Doina Vornicu, the new chief executive officer of CEZ Distributie, says the yearend can no longer bring declines surpassing those registered so far, when the quantity of supplied energy dropped by 16% from the first nine months of last year.
Vornicu puts the company's 2009 turnover at around 670m RON (160m euros), down almost 17% from 2008.
The company decided not to modify this year's investment budgets, but has instead cut the number of employees by 173 since the start of the year.
"We anticipate we've already hit a certain threshold and we do not believe we'll fall beyond it. We do not believe things will get worse in 2010 and I'm saying this taking into account the behaviour surveys we're conducting and energy demand for next year," explains Vornicu, who took over CEZ Distributie's management on 1 July, 2009.
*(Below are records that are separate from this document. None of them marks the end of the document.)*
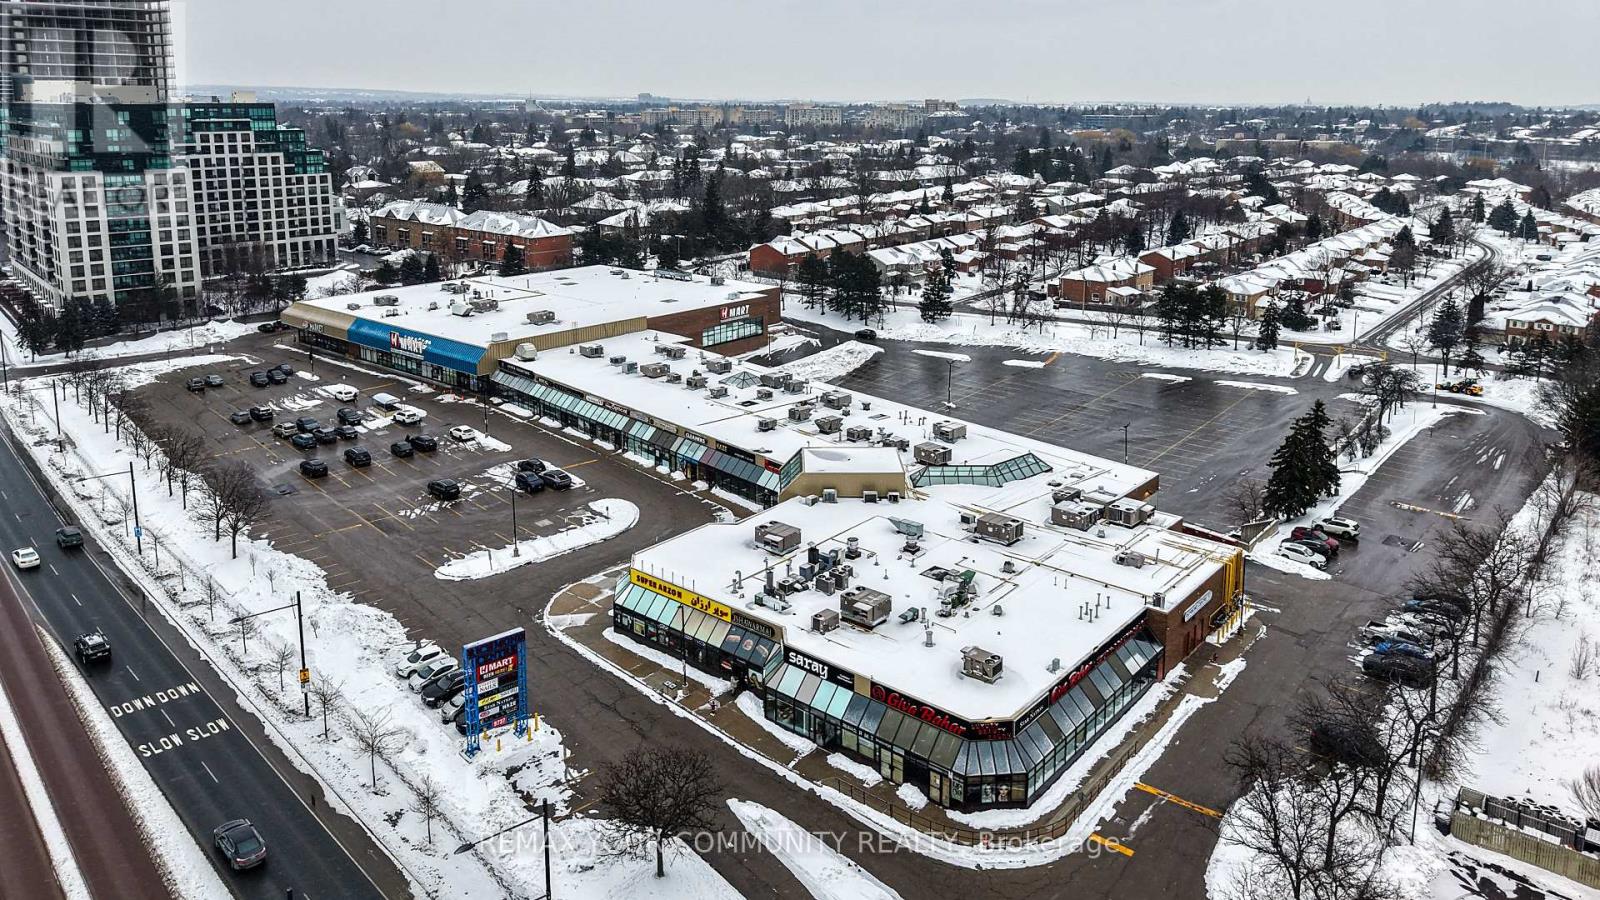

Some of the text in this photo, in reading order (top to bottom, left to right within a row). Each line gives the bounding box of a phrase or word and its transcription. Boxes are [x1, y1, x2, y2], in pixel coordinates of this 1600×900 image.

[729, 305, 750, 317] MART
[636, 574, 682, 599] SUPER ARZON
[489, 656, 514, 671] MART
[788, 651, 829, 679] saray
[110, 681, 200, 718] DOWN DOWN
[138, 717, 230, 757] SLOW SLOW
She says CEZ Distributie supplied 5.2 TWh of energy in the first nine months of this year, down 16% from the same period of last year. "Electricity consumption has largely become volatile. Some companies closed down, others cut their consumption. We have fields of business that were seriously hurt, such as the petrochemical industry. As for household consumers, we saw no change," Vornicu says.
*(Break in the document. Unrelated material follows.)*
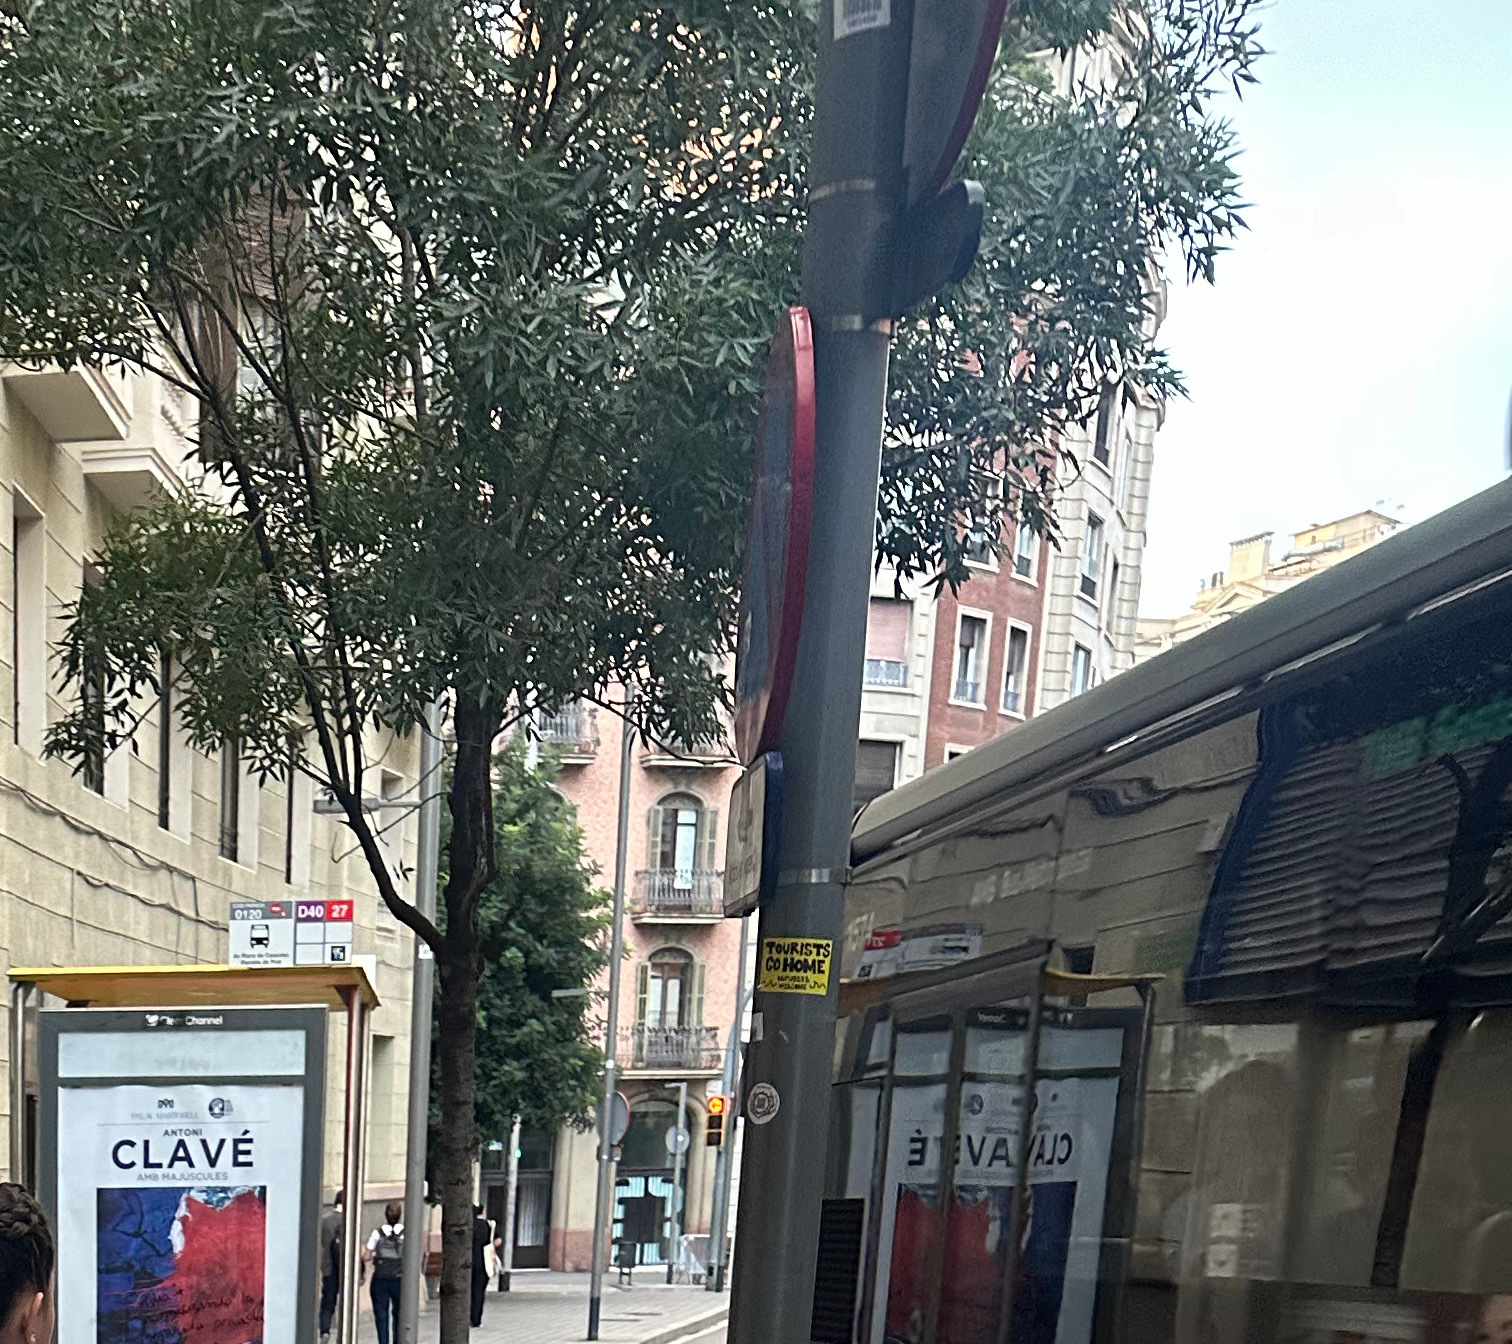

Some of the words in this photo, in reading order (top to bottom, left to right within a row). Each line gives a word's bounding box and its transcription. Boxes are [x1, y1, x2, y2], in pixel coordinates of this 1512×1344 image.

CEZ serves around 1.3 million customers after having taken the majority stake in former Electrica Oltenia in 2005.
Despite falling supplied energy quantities, CEZ Distributie had an investment budget similar with last year's and for 2010 plans to raise it by almost 50%.
Vornicu says the company started taking anti-crisis measures as soon as the first crisis signs emerged, in 2008, with one of the most interesting strategies being the setting up of a true elite force specialised in identifying illegal electricity consumption.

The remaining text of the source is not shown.